Phnom Penh, translated as “Penh’s Hill,” was named for a widow who had a temple built there. Borrowed from Sanskrit, the word for temple is wat. In 1372, Lady Penh found a Koki tree floating down the Tonle Sap after a storm. Inside the tree were four bronze Buddha statues. She believed this was a divine blessing, and asked villagers to help her build a wat out of the Koki wood to house the statues. Wat Phnom still stands and is open to visitors. Inside are many more Buddha statues, much burning incense, and a place for worshippers to pray. We removed our shoes, as required, and entered to witness the sacred practice of their faith.

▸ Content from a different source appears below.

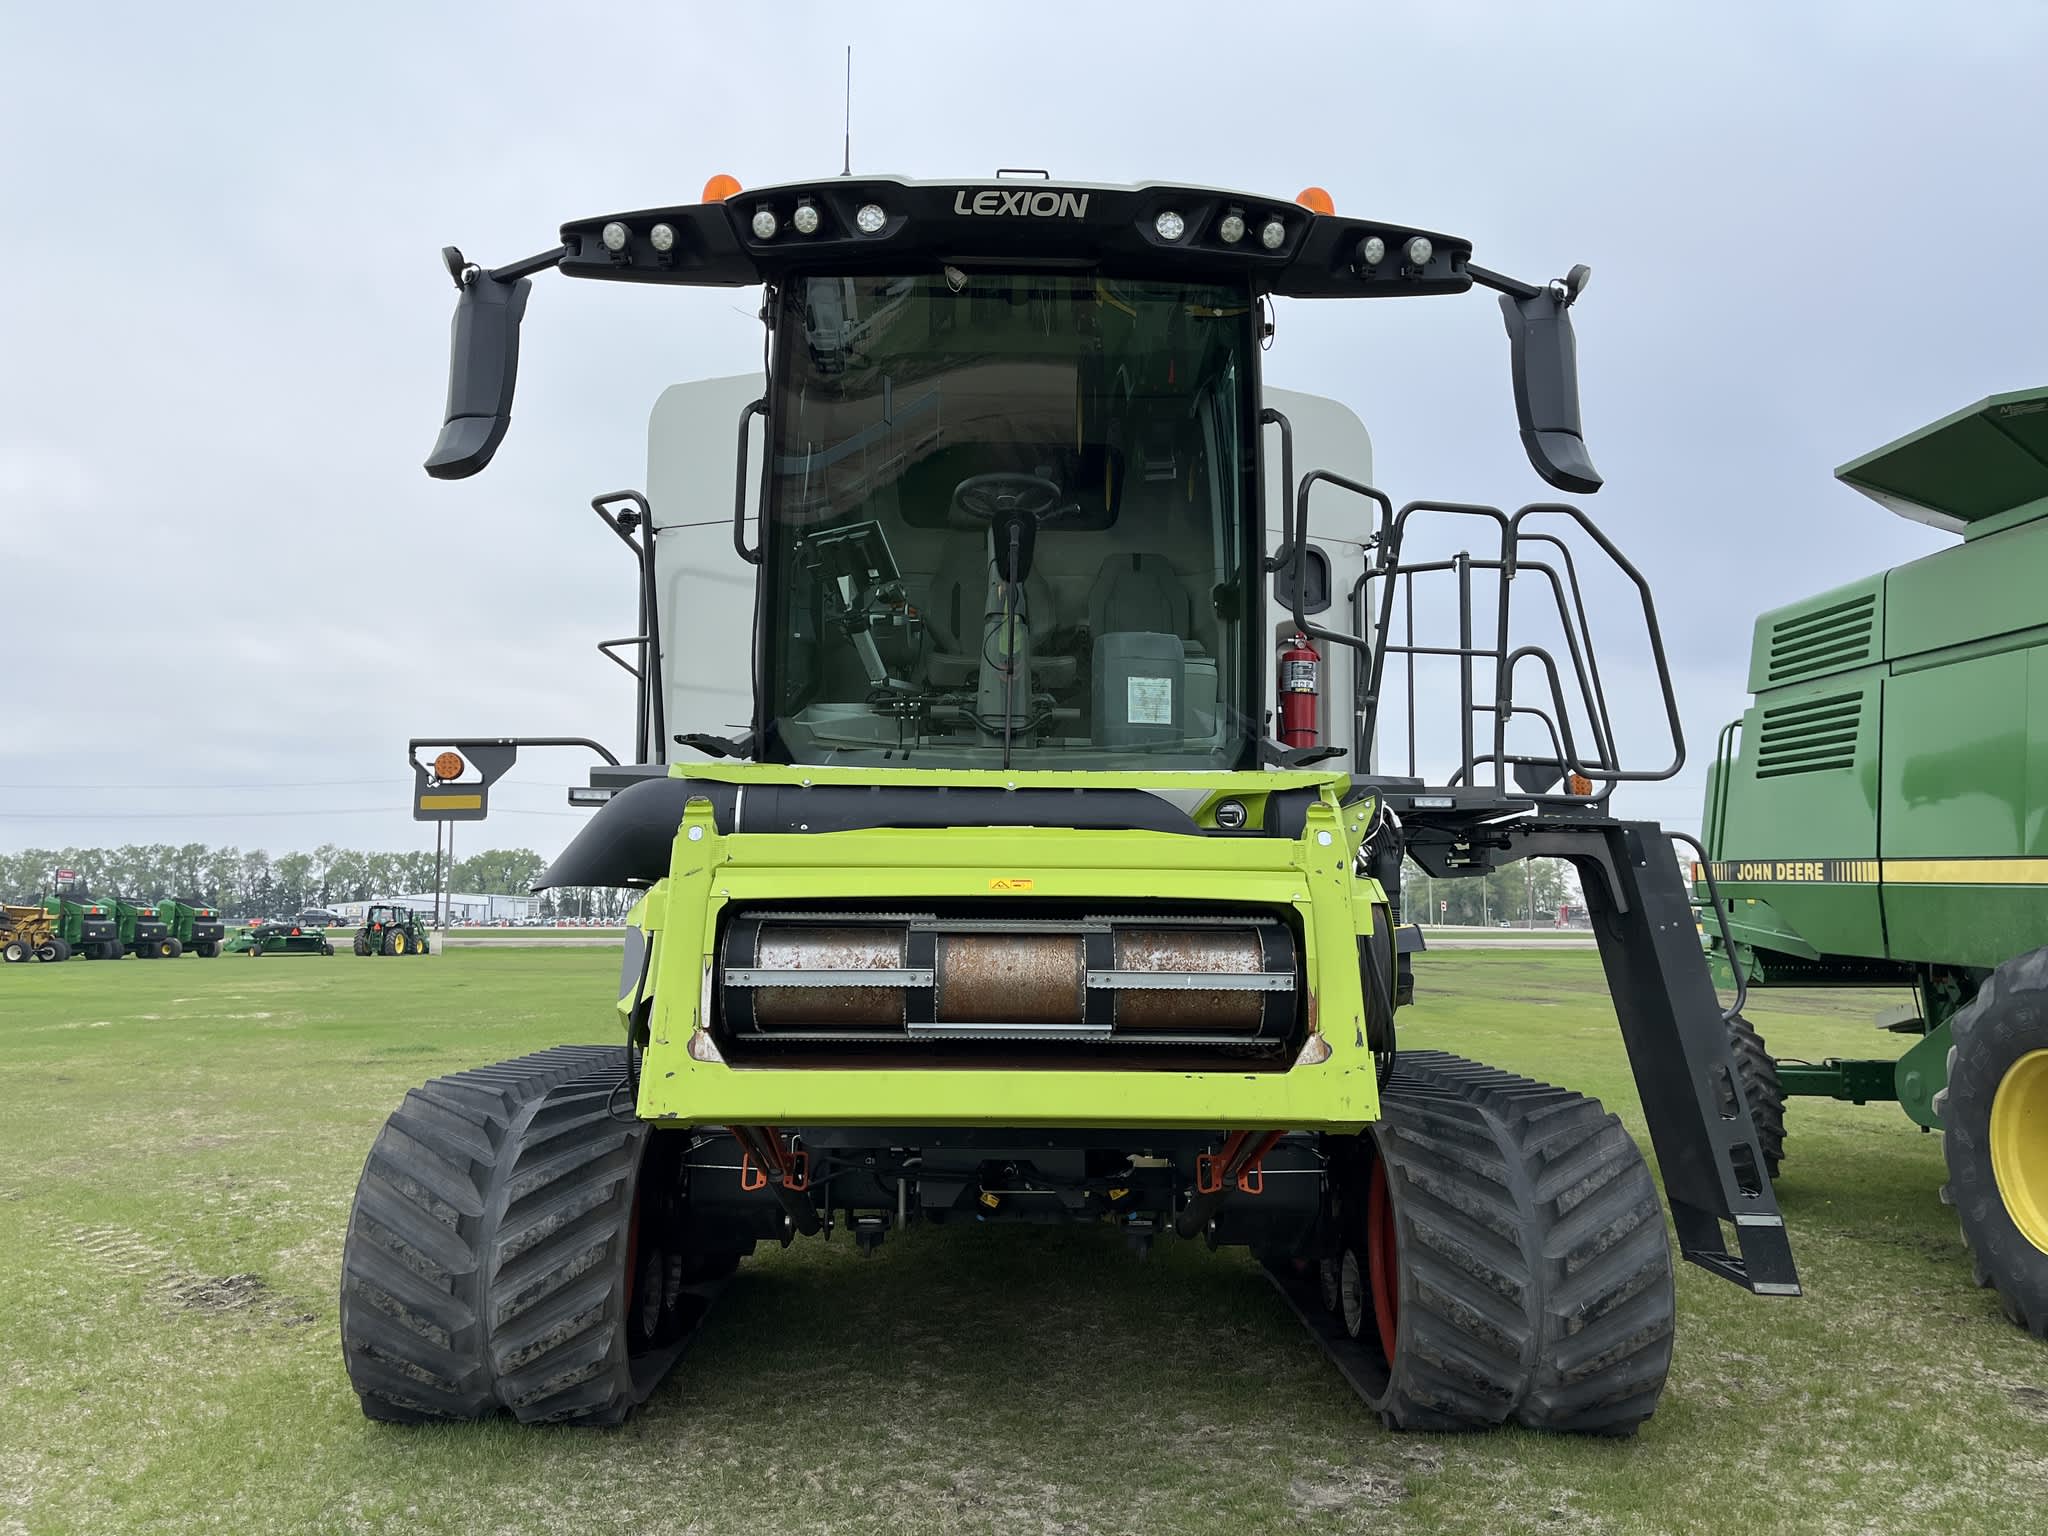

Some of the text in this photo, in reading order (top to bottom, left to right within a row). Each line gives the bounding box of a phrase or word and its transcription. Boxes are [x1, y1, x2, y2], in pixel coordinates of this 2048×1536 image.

[954, 190, 1090, 218] LEXION
[1737, 862, 1824, 881] JOHN DEERE
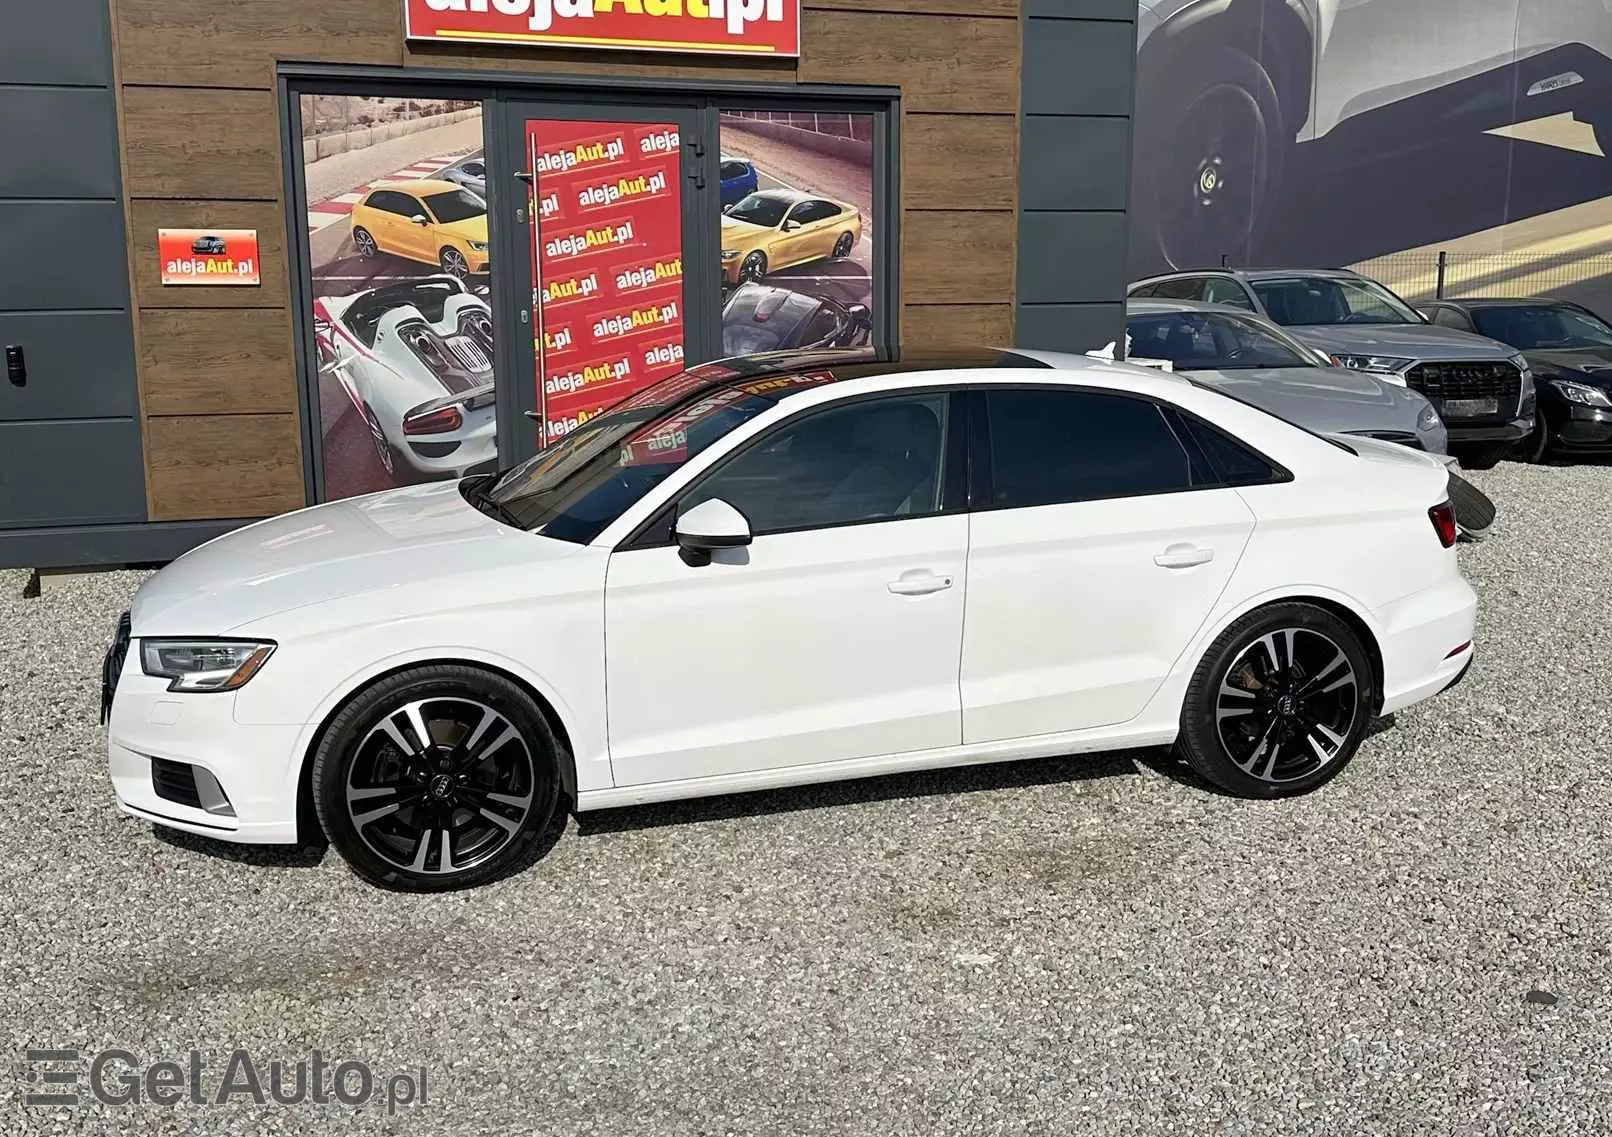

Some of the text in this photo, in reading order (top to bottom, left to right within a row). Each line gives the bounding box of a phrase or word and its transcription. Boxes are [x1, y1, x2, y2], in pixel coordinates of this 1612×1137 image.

Cambodia’s modern wats, lavish and intricately carved, are many, but these are not the only buildings that capture attention. Over the years, Phnom Penh has become known for its architecture. In the 1920s, the “Pearl of Asia” was one of the loveliest French-built cities in Indochina, strong in tourism and trade. French colonial buildings can still be found along grand boulevards. Our stay was next to the Royal Palace and near the National Museum, both architecturally and historically significant. This is the Angkor region of the Kingdom of Cambodia.

From the ninth to the fifteenth centuries, Angkor was the seat of the Khmer Empire, the largest empire of Southeast Asia. Over 4,000 ruins, surviving ancient wats, including mammoth Angkor Wat, remain as evidence of the world’s largest pre-industrial urban center—greater than New York today.